- Opening Delimiter -

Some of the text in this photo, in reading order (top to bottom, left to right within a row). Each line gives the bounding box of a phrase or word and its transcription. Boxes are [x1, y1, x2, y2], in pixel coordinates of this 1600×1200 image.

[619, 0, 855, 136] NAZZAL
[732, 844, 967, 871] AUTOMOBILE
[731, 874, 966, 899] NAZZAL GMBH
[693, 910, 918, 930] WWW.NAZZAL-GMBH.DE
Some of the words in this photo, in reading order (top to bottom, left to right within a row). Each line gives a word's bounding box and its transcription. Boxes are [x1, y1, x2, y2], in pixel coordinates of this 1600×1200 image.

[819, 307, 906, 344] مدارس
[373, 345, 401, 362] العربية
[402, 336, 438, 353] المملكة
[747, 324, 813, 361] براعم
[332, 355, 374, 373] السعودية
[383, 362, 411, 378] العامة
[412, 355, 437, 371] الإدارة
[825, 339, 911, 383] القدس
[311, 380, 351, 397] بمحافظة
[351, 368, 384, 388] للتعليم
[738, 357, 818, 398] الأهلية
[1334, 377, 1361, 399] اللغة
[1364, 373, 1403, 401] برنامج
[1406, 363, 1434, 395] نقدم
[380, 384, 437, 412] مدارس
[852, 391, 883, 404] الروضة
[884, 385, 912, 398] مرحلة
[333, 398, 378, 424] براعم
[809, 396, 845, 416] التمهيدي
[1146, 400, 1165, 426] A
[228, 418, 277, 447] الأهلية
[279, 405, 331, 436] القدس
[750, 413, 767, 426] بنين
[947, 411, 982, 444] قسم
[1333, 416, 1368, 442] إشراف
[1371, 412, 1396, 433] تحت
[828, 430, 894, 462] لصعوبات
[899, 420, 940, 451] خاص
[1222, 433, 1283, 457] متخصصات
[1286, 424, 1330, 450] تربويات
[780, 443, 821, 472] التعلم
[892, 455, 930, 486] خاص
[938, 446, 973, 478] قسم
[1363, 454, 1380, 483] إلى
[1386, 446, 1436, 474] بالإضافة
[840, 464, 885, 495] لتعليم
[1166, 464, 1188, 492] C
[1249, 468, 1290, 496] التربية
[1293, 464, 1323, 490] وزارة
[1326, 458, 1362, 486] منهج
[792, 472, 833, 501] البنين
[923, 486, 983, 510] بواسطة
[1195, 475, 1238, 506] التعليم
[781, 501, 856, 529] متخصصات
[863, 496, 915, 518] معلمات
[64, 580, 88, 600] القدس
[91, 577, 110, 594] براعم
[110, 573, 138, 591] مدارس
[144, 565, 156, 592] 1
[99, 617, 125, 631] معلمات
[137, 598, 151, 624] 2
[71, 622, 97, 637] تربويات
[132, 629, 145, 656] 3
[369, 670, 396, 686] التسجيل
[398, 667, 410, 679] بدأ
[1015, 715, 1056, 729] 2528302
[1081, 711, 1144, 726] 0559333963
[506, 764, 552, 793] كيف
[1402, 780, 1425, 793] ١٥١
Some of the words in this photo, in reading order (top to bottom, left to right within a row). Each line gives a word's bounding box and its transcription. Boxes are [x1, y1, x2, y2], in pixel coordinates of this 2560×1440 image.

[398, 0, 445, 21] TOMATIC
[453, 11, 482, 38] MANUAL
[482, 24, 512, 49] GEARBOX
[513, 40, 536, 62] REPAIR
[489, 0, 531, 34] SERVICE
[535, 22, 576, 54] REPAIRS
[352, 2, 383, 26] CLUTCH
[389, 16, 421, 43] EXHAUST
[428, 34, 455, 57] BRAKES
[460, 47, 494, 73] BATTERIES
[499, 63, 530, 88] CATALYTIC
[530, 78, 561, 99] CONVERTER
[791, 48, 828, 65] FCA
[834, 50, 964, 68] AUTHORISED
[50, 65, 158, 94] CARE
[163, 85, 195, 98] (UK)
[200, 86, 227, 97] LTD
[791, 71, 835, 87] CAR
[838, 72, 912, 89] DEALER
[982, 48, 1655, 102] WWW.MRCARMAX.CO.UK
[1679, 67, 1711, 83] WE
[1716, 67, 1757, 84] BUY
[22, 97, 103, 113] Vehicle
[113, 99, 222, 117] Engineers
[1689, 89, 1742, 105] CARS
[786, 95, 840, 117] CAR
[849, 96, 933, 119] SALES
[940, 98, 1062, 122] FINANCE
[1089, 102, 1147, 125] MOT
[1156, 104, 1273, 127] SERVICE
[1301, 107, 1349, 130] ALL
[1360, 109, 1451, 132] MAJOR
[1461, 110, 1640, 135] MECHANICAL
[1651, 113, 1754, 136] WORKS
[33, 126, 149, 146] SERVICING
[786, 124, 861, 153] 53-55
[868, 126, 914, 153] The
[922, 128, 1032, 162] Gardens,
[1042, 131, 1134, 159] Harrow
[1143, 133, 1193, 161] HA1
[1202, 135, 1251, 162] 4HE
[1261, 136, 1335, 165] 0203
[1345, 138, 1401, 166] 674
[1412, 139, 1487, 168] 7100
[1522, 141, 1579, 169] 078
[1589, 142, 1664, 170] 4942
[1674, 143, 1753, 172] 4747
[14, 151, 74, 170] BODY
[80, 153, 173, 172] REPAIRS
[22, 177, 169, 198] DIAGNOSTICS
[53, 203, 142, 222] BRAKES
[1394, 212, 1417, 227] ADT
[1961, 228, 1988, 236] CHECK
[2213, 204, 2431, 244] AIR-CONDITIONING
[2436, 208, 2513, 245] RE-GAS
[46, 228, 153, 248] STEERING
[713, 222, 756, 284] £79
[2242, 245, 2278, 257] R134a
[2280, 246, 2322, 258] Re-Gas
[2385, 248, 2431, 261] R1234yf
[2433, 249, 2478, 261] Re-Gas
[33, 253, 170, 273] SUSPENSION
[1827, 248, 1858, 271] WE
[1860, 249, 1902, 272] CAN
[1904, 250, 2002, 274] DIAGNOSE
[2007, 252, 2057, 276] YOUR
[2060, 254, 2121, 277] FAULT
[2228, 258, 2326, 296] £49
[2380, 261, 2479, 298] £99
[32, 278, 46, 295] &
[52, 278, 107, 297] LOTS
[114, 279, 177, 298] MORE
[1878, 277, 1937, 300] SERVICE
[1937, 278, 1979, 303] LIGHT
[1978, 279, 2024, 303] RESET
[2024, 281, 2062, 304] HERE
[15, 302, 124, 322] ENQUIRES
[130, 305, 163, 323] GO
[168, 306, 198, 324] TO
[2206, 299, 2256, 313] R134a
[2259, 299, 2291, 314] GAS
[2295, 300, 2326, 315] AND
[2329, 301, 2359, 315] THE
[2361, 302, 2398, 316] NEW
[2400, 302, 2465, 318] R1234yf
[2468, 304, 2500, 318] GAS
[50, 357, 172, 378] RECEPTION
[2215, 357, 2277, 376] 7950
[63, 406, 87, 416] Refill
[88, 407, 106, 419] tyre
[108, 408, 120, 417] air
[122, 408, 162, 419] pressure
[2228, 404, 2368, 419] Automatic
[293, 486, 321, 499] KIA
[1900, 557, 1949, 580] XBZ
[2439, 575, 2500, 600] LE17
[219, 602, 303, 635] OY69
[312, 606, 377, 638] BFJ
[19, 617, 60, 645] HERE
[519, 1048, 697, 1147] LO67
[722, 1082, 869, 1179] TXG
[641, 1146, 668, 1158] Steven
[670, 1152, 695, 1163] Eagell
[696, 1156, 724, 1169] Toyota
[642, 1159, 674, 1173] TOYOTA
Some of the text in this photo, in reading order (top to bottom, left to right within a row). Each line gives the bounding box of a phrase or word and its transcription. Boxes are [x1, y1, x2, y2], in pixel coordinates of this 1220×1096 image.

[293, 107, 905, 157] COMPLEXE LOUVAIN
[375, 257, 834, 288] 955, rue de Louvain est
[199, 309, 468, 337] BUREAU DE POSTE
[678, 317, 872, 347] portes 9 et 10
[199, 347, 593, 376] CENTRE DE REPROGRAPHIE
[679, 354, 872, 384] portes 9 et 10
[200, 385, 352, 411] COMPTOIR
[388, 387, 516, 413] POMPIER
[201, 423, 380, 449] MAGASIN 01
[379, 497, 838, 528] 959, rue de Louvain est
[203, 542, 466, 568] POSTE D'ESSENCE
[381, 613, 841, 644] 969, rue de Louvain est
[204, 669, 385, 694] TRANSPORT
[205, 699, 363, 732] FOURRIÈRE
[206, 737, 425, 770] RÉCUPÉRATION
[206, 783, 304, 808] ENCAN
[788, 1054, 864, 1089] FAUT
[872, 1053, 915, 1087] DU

- Closing Delimiter -

### ACTIVITY
Single out each line of the records above with the string "within" in it, and copy it.

### SOLUTION TO THE EXERCISE
Some of the text in this photo, in reading order (top to bottom, left to right within a row). Each line gives the bounding box of a phrase or word and its transcription. Boxes are [x1, y1, x2, y2], in pixel coordinates of this 1600×1200 image.
Some of the words in this photo, in reading order (top to bottom, left to right within a row). Each line gives a word's bounding box and its transcription. Boxes are [x1, y1, x2, y2], in pixel coordinates of this 1600×1200 image.
Some of the words in this photo, in reading order (top to bottom, left to right within a row). Each line gives a word's bounding box and its transcription. Boxes are [x1, y1, x2, y2], in pixel coordinates of this 2560×1440 image.
Some of the text in this photo, in reading order (top to bottom, left to right within a row). Each line gives the bounding box of a phrase or word and its transcription. Boxes are [x1, y1, x2, y2], in pixel coordinates of this 1220×1096 image.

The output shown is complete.